● **Aim of the task**: Please write out the listing exactly, with nothing altered.

● **Dataset content**:
--

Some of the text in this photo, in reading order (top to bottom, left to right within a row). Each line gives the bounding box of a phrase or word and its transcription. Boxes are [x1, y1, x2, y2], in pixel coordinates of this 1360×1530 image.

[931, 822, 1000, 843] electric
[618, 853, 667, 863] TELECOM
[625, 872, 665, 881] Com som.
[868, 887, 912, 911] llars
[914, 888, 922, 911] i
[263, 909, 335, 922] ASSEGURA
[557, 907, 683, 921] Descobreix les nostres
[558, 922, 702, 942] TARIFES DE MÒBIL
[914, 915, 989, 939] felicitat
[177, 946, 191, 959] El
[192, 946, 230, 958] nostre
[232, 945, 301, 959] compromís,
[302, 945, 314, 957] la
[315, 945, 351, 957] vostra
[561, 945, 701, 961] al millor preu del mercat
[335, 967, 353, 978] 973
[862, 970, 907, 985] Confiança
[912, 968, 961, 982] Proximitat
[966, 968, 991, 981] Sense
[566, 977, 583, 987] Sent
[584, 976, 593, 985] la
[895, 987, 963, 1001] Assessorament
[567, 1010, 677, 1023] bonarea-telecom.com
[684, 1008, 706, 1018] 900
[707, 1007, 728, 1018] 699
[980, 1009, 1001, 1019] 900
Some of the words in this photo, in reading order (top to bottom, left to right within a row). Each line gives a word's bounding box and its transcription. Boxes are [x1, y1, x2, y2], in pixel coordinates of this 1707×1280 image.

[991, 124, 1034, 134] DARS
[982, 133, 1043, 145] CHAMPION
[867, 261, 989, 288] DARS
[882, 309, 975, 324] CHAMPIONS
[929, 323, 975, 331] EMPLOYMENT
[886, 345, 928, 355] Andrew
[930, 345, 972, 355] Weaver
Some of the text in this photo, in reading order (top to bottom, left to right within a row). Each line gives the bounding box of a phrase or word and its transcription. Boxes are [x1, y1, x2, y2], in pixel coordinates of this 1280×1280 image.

--

● **Exercise result**:
Some of the text in this photo, in reading order (top to bottom, left to right within a row). Each line gives the bounding box of a phrase or word and its transcription. Boxes are [x1, y1, x2, y2], in pixel coordinates of this 1360×1530 image.

[931, 822, 1000, 843] electric
[618, 853, 667, 863] TELECOM
[625, 872, 665, 881] Com som.
[868, 887, 912, 911] llars
[914, 888, 922, 911] i
[263, 909, 335, 922] ASSEGURA
[557, 907, 683, 921] Descobreix les nostres
[558, 922, 702, 942] TARIFES DE MÒBIL
[914, 915, 989, 939] felicitat
[177, 946, 191, 959] El
[192, 946, 230, 958] nostre
[232, 945, 301, 959] compromís,
[302, 945, 314, 957] la
[315, 945, 351, 957] vostra
[561, 945, 701, 961] al millor preu del mercat
[335, 967, 353, 978] 973
[862, 970, 907, 985] Confiança
[912, 968, 961, 982] Proximitat
[966, 968, 991, 981] Sense
[566, 977, 583, 987] Sent
[584, 976, 593, 985] la
[895, 987, 963, 1001] Assessorament
[567, 1010, 677, 1023] bonarea-telecom.com
[684, 1008, 706, 1018] 900
[707, 1007, 728, 1018] 699
[980, 1009, 1001, 1019] 900
Some of the words in this photo, in reading order (top to bottom, left to right within a row). Each line gives a word's bounding box and its transcription. Boxes are [x1, y1, x2, y2], in pixel coordinates of this 1707×1280 image.

[991, 124, 1034, 134] DARS
[982, 133, 1043, 145] CHAMPION
[867, 261, 989, 288] DARS
[882, 309, 975, 324] CHAMPIONS
[929, 323, 975, 331] EMPLOYMENT
[886, 345, 928, 355] Andrew
[930, 345, 972, 355] Weaver
Some of the text in this photo, in reading order (top to bottom, left to right within a row). Each line gives the bounding box of a phrase or word and its transcription. Boxes are [x1, y1, x2, y2], in pixel coordinates of this 1280×1280 image.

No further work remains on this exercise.